#### Brief:
The records that follow should be copied out exactly, pictures excluded.

▼▼▼

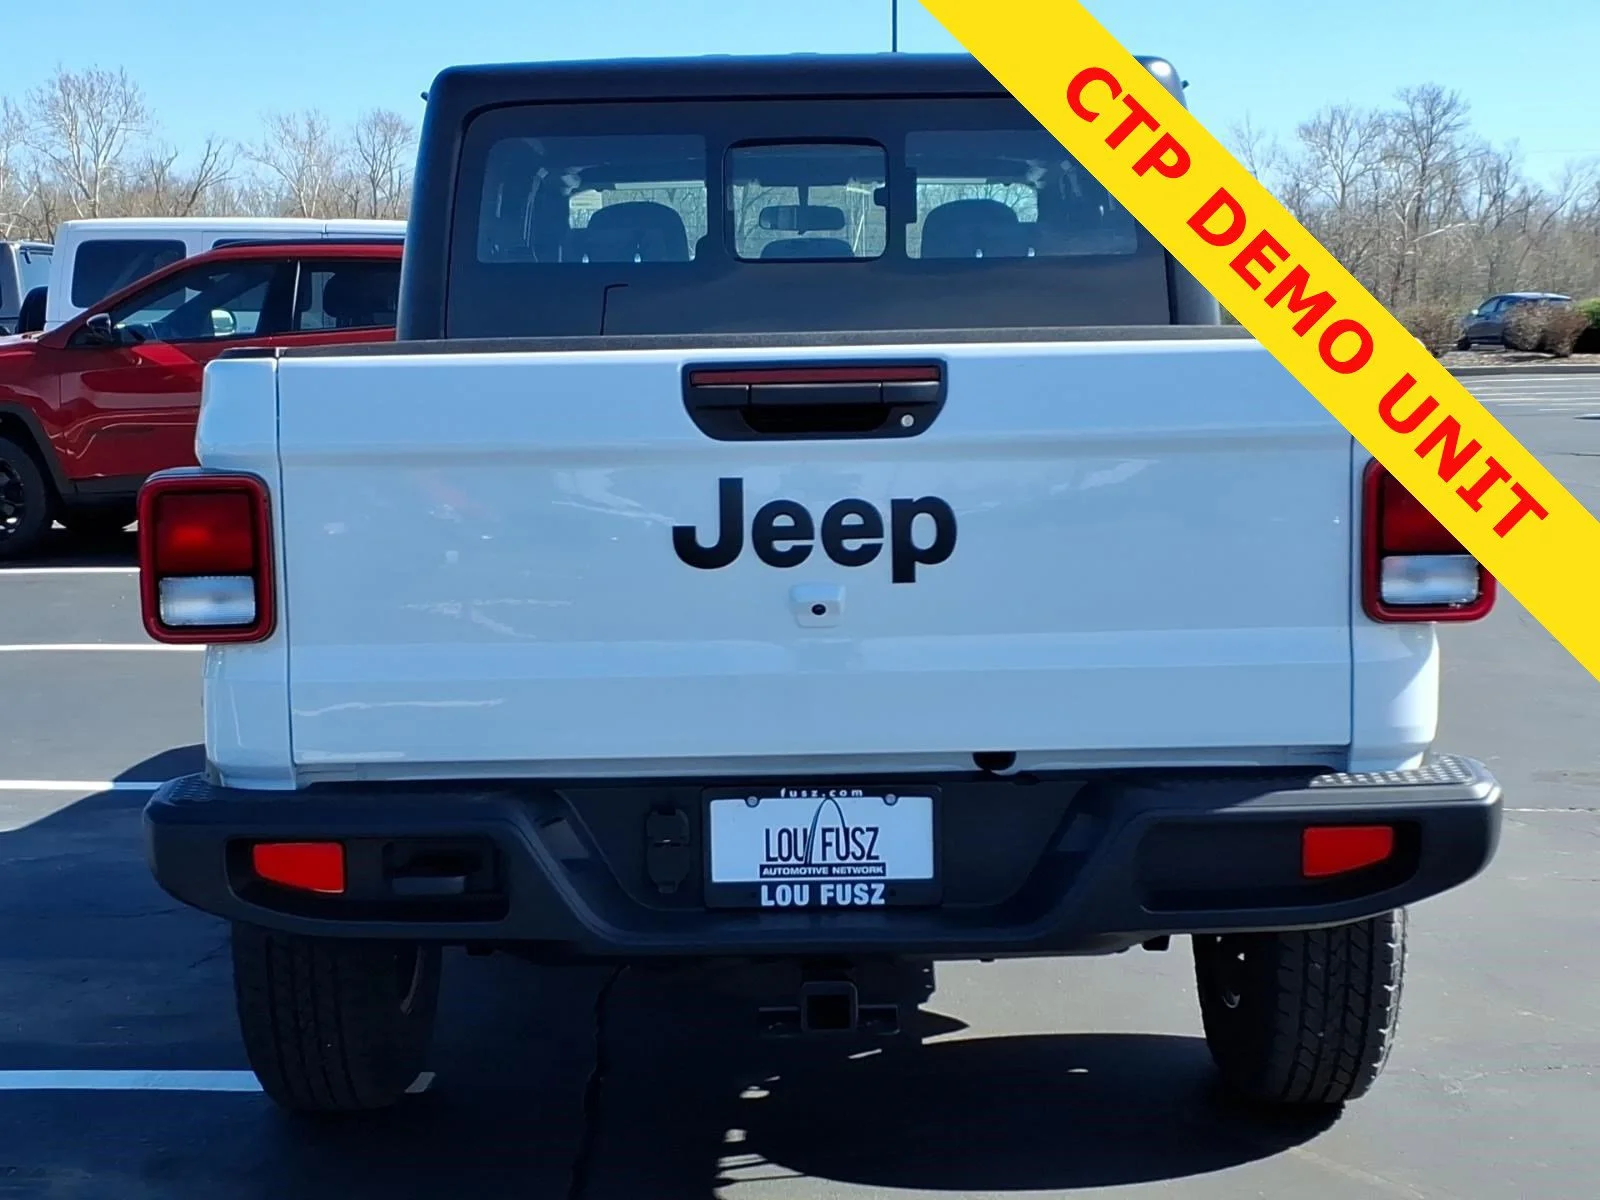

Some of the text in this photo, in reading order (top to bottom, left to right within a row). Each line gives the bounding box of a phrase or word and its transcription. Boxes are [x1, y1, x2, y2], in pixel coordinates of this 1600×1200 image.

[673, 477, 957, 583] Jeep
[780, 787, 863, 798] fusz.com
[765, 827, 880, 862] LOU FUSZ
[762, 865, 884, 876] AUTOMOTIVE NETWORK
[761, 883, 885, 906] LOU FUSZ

▲▲▲

#### Response to the task:
Some of the text in this photo, in reading order (top to bottom, left to right within a row). Each line gives the bounding box of a phrase or word and its transcription. Boxes are [x1, y1, x2, y2], in pixel coordinates of this 1600×1200 image.

[673, 477, 957, 583] Jeep
[780, 787, 863, 798] fusz.com
[765, 827, 880, 862] LOU FUSZ
[762, 865, 884, 876] AUTOMOTIVE NETWORK
[761, 883, 885, 906] LOU FUSZ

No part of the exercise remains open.